So, there’s this Dorito Commercial out there – if you try and take a Dorito – you are smacked and thrown against the wall by an elephant’s trunk – but no one wants to talk about it!!!
The expression … “The elephant in the room” … has become something of “a common cliché today.”
Before we write that expression totally off, we would do well to remember that some “profound wisdom” is to be found in “common – every day clichés.”
The phrase comes from a fable entitled “The Inquisitive Man” which tells of a man – who goes to a museum and notices all sorts of “tiny things,” but fails to notice an elephant. It is from there -that the phrase became “proverbial.”
This simple expression … “The elephant in the room” …addresses our very “human tendency” to avoid “the obvious.”
“The elephant in the room” is an “obvious truth” that is either being “ignored” or going “un-addressed.”
The expression also applies to an obvious “problem or risk” that no one wants to discuss. It is usually something that is “quite controversial” and therefore, is being “deliberately ignored.”
No one really wants to address it or to “confront and challenge others…” It could be an “uncomfortable” discussion for all involved.

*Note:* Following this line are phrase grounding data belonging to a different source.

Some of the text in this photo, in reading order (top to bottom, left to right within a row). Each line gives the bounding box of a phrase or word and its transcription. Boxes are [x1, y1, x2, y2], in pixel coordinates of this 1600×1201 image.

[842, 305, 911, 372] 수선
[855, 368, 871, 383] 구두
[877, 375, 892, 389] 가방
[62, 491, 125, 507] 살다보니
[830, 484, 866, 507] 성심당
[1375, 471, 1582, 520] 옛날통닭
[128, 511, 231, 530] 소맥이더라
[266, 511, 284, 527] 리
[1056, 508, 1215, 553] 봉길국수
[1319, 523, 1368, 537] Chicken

Sometimes it is “an embarrassment” to discuss, or could cause “sadness” or is “a taboo subject” or could trigger “long hours” of argumentation and division.

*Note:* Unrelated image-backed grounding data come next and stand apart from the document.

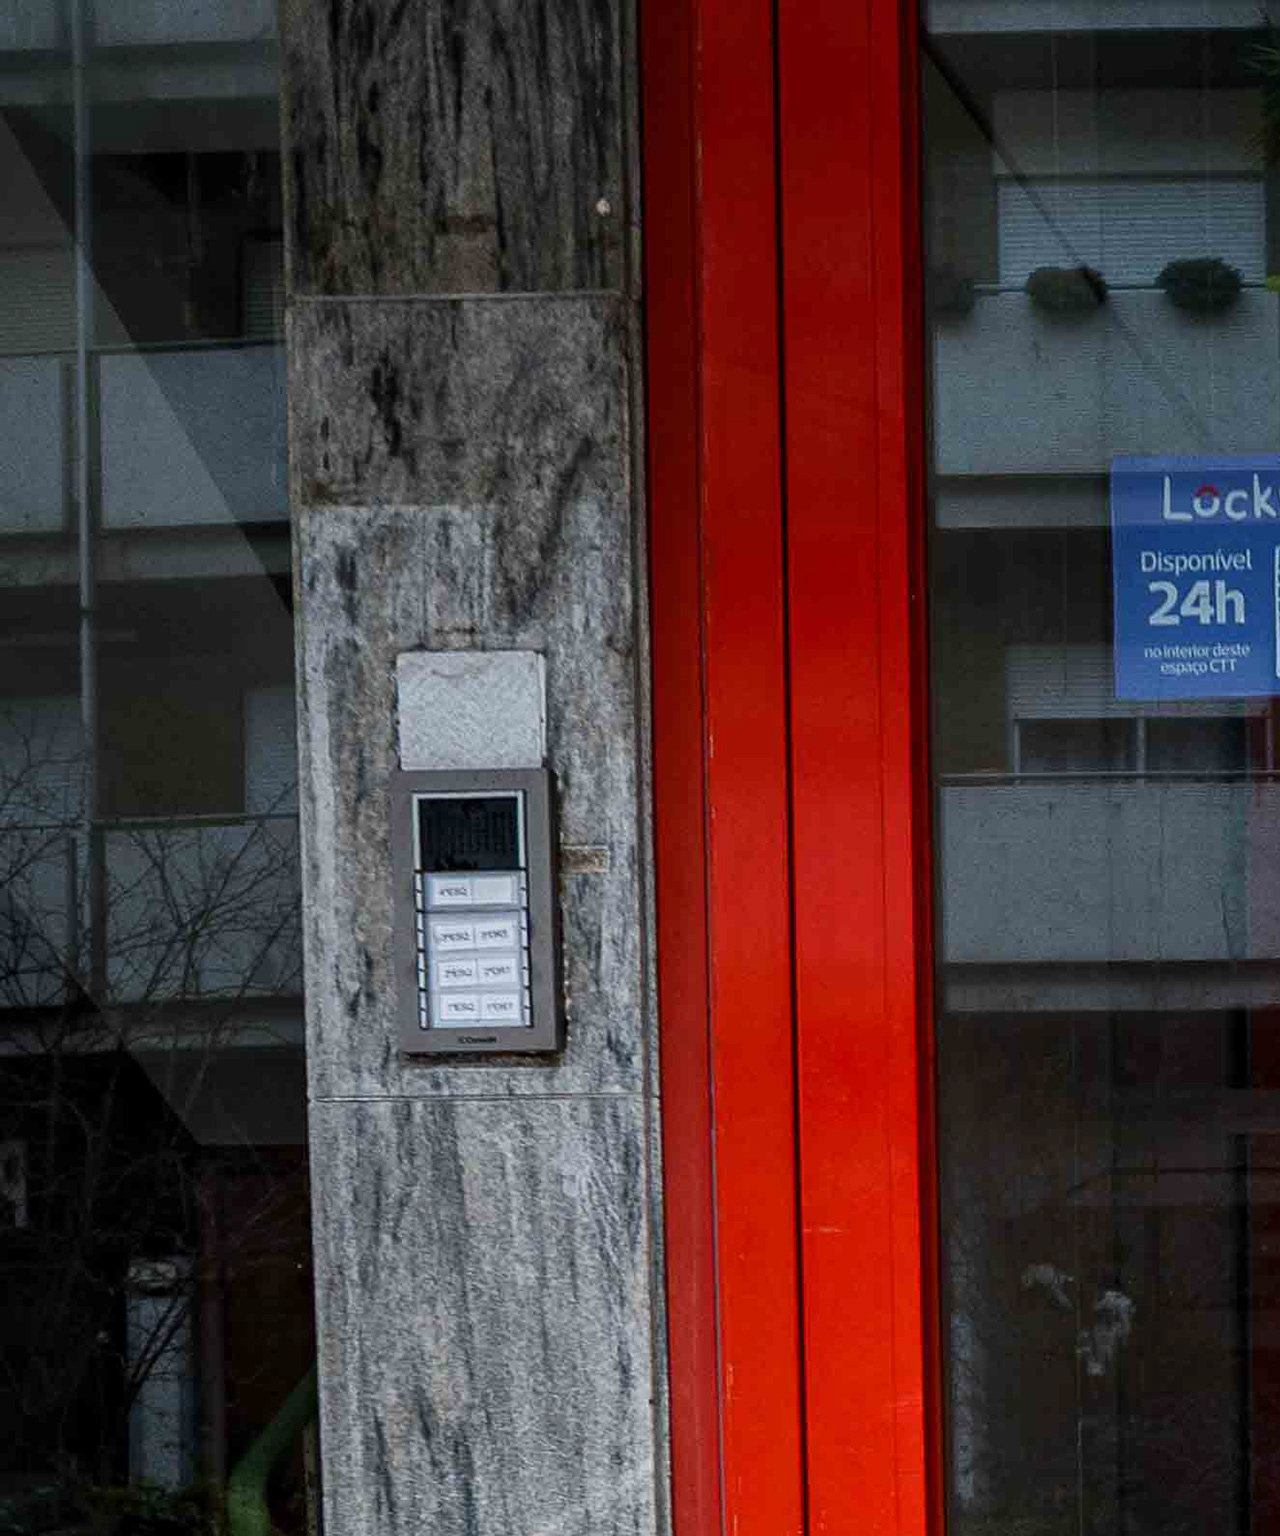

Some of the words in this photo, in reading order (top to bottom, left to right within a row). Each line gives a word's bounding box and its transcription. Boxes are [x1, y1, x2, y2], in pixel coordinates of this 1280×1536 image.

[1141, 549, 1252, 576] Disponível
[1149, 580, 1245, 625] 24h
[1144, 648, 1156, 658] no
[1162, 644, 1208, 657] interior
[1213, 643, 1250, 657] deste
[1160, 662, 1207, 676] espaço
[1210, 660, 1237, 673] CTT
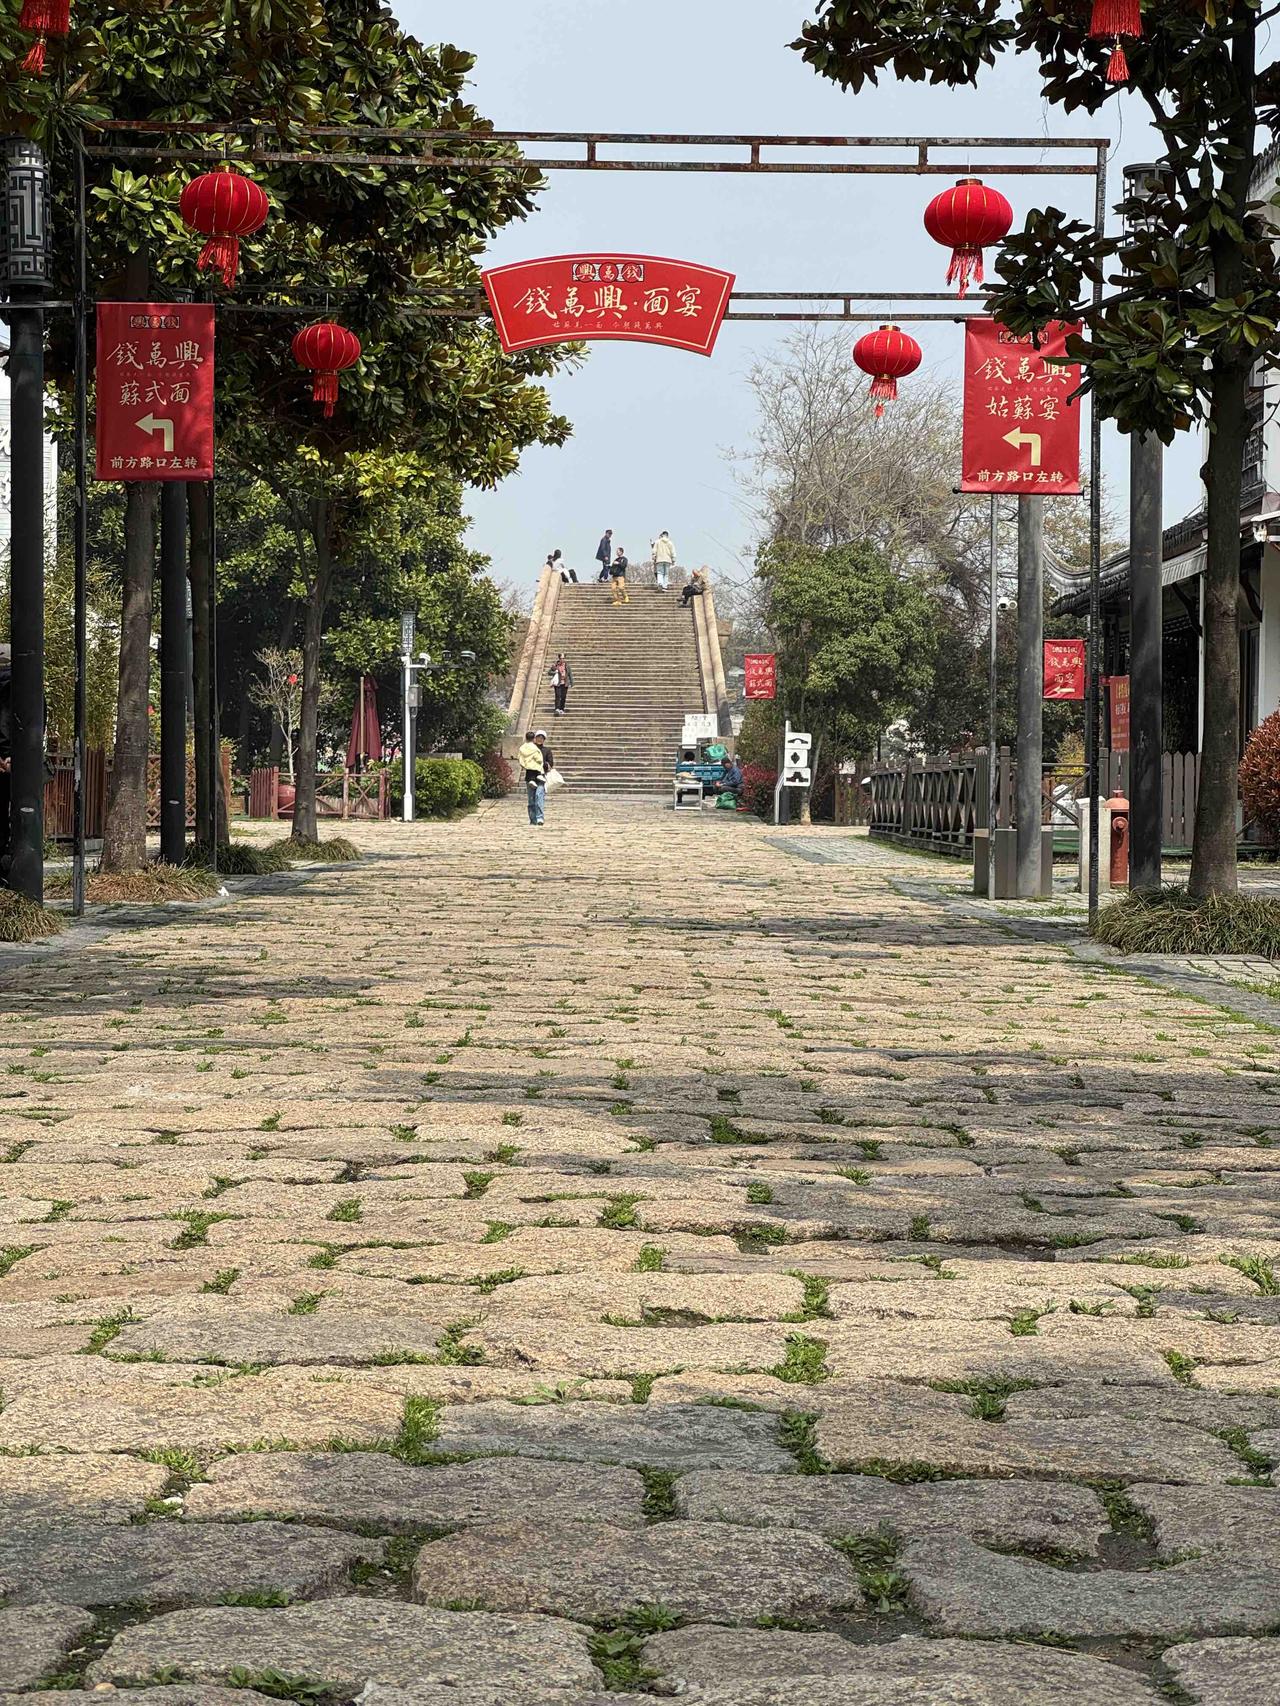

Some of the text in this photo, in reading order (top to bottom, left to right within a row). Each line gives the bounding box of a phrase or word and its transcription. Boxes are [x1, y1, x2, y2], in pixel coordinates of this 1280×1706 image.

[106, 341, 203, 370] 錢萬興
[119, 380, 190, 405] 蘇式面
[985, 395, 1060, 420] 姑蘇宴
[110, 456, 198, 469] 前方路口左转
[977, 469, 1064, 483] 前方路口左转

The plain fact is there are “some realities” that are so “painful and delicate” that we go to “great lengths” to deny their importance.
Constant “harping and criticism” for example – will undermine most, if not all relationships.

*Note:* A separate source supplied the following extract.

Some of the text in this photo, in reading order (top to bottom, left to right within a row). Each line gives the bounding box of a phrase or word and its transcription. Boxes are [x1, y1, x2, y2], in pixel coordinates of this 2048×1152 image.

“Failure to plan and to prepare” – will inevitably lead to poor performance and to eventual disappointment.
The “projects or relationships” in which you have “invested very little” – will provide “minimal satisfaction” in the end. So the more you put into something, the more you will get out!
Well the reason I bring this up – is because Jesus (seemingly) has no problem “naming or addressing” the elephant in the room.
In our Gospel text for today, Jesus is no longer in the wilderness, but he “still” is being tempted. Temptation obviously continues to “follow him.”
This time the temptation comes from one of his very own students – his disciple Peter. Peter here might as well be Satan or the tempter, because he is encouraging Jesus to take “the easy way out.”
In the early part of this gospel, the author portrays all the exciting things that Jesus did to reveal “who he is.”
All of which, leads up to this critical moment-in-time, when Jesus asked his disciples “if” they understood “who he was.”
After most of the disciples acted as if they did not understand the question, Peter blurted out: “You are the Christ, the Messiah, and the Son of the Living God.”
So Jesus decided it was time to explain what it would mean for him “to challenge the great powers of their time” … the “religious establishment” and the “Roman governmental authority.”
It was “the elephant in the room…” So therefore, Jesus talked about things like confrontation, resistance, crucifixion and death. This, however, was not what Peter or any of the disciples wanted to hear. It was uncomfortable.
When Peter heard Jesus’ prediction of what might possibly occur in the future, his response was immediate: “No, Jesus.” “No suffering and no death.” We will not stand for it. Absolutely not!
What ARE YOU thinking, Jesus?
You are the Messiah – the promised deliverer of God’s people, Israel! Messiah’s do not suffer and die.
The elephant can be large and grey and dirty and fill the entire room, but if we do not want to see it, we will not.
Elephants trumpet loudly, but if we do not want to hear – we can ignore it, no matter how loud it is. So it was – with the disciples.
They loved the crowds, they loved the healings and all the glory, they liked the warm welcomes, the free meals, and the traveling together as an apostolic band.
They loved their comradery. They liked there new found fame. They liked the excitement and the miracles that no one could explain-away. They liked the words of liberation and hope.
They had no desire whatsoever to hear any and all predictions of conflict, humiliation, and death.
They didn’t get it – not the first time-nor the second time – nor the third time, Jesus brought it up! It was the elephant in the room!